L'omessa previsione, pur a fronte della presenza di progetti di modifica in tal senso, evidenzia la scelta del legislatore di consentire il permanere di una cesura tra custodia cautelare, per la cui applicazione intervengono valutazioni di necessario bilanciamento tra esigenze di libertà e di sicurezza dei cittadini, ed esecuzione della pena, che in maniera diversa riguarda l'individuazione delle possibilità di recupero più idonee per il condannato. Tale differenza, unitamente al vuoto normativo già richiamato, non permette l'applicazione dei criteri di cui all'art. 275 c.p.p., comma 2 bis nel corso del procedimento, quando la misura cautelare sia già
in atto;
la circostanza delimita la necessità di tale prognosi alla fase applicativa della misura, come del resto previsto dalla collocazione della disposizione invocata, ed esclude la presenza di un obbligo di costante analisi, sulla base degli effettivi e concreti sviluppi del procedimento, con valutazione che deve avere quale orizzonte valutativo l'esito del giudizio, anche nella versione meno rigorosa, prevista letteralmente nel decreto di cui si invoca l'applicazione, non le determinazioni che intervengono nelle fasi intermedie, con la considerazione del presofferto, non autorizzandolo il testo della disposizione richiamata.
Rispetto a tali diverse condizioni di fatto l'unica sollecitazione possibile è quella di una nuova valutazione di merito dell'adeguatezza della misura, secondo le previsioni di cui all'art. 299 cod. proc. pen., non il riferimento all'automatismo invocato dall'interessato, la cui operatività, oltre a non essere confermata dalla lettera e dalla collocazione e coordinazione della norma all'interno del sistema, non permette l'analisi complessiva delle caratteristiche oggettive e soggettive dell'azione, che sono invece strettamente funzionali all'analisi della pericolosità e della sua attualità, elementi di valutazione essenziali per la natura stessa della misura provvisoria in atto e delle esigenze cautelari che ne hanno imposto l'applicazione.

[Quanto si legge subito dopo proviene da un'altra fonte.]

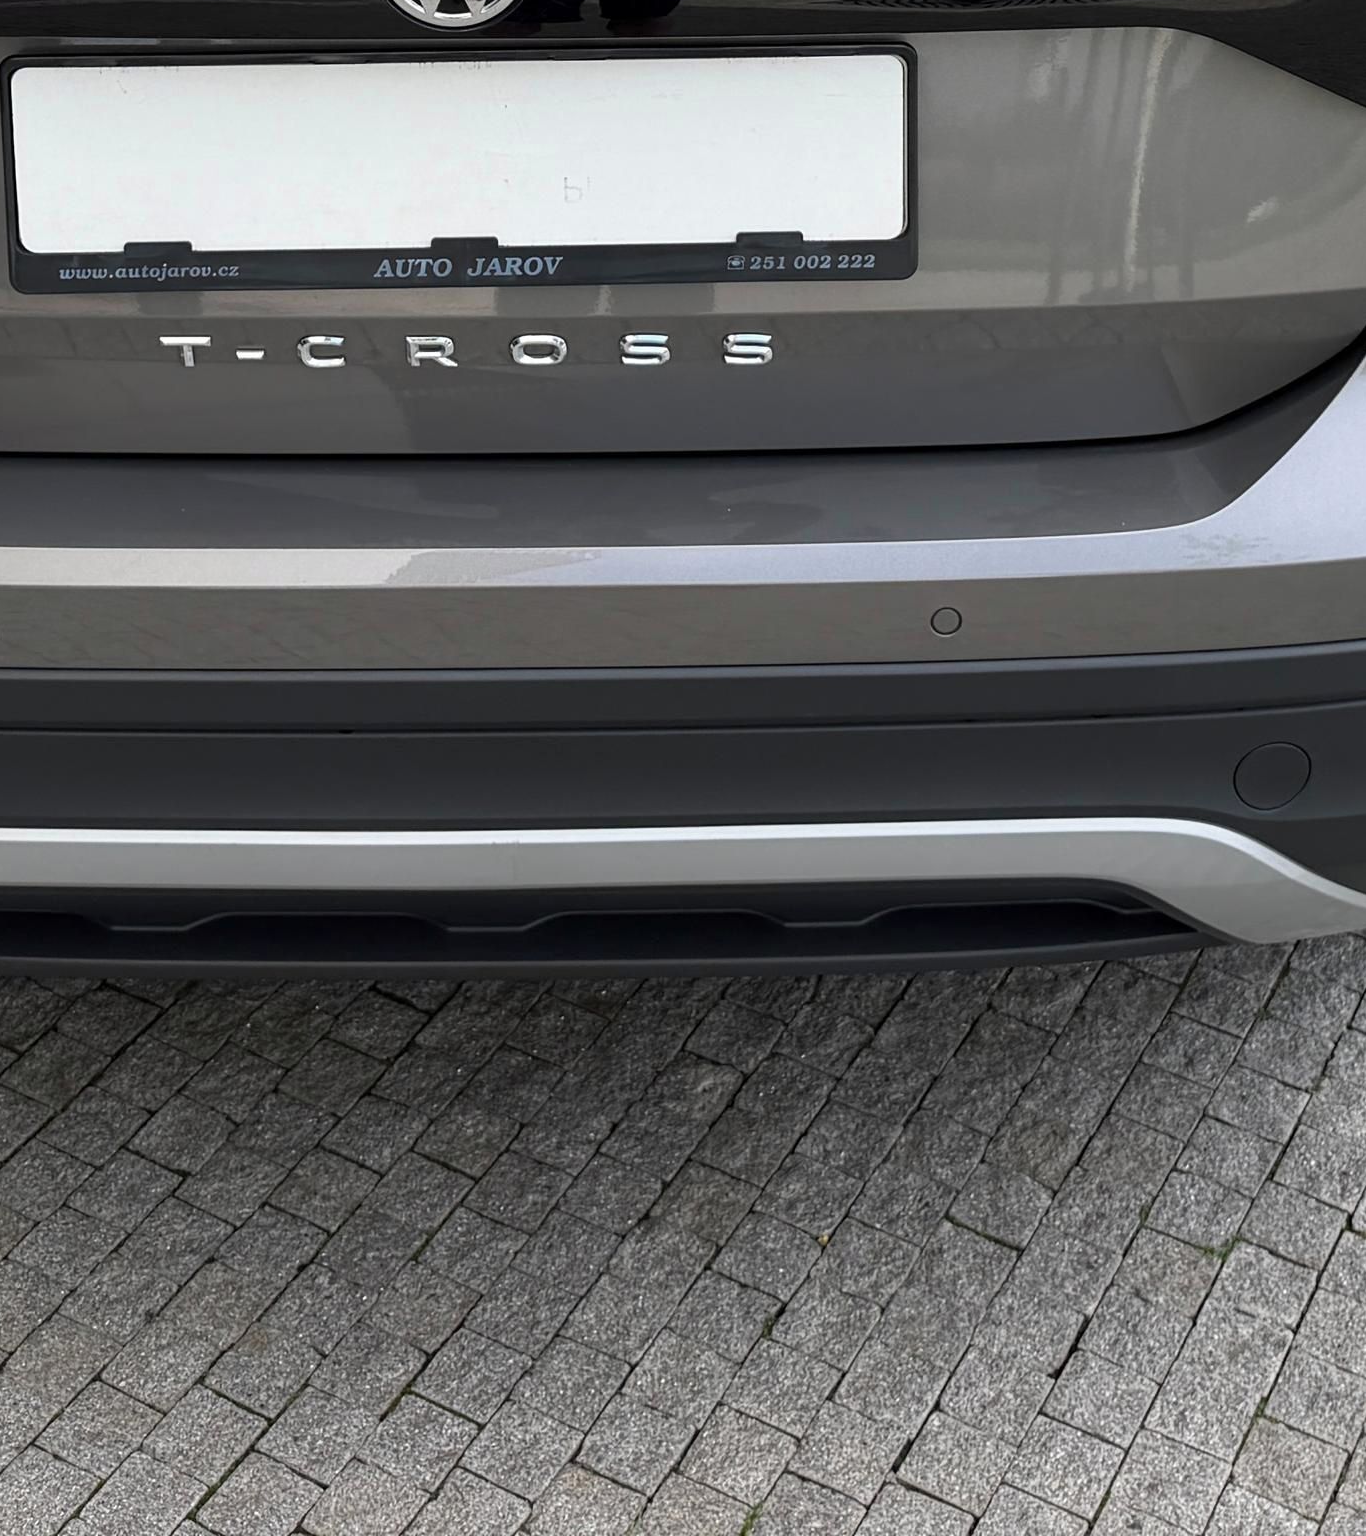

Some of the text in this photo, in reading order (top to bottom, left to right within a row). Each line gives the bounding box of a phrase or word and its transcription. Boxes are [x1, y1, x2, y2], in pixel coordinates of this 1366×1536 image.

Alla luce di tali premesse, correttamente il giudice di merito ha escluso l'operatività del principio di cui all'art. 275 c.p.p., comma 2 bis come novellato, concludendo per la legittimità del permanere della misura cautelare in atto.
3. Il rigetto del ricorso impone la condanna del ricorrente al pagamento delle spese processuali, in applicazione dell'art. 616 cod. proc. pen.. Il permanere dello stato di custodia cautelare impone che la Cancelleria svolga gli adempimenti di cui all'art. 94 disp. att. c.p.p., comma 1 ter.
P.Q.M.
Rigetta il ricorso e condanna il ricorrente al pagamento delle spese processuali.
Manda alla Cancelleria per gli adempimenti di cui all'art. 94 disp. att. c.p.p., comma 1 ter.
Così deciso in Roma, il 16 dicembre 2014.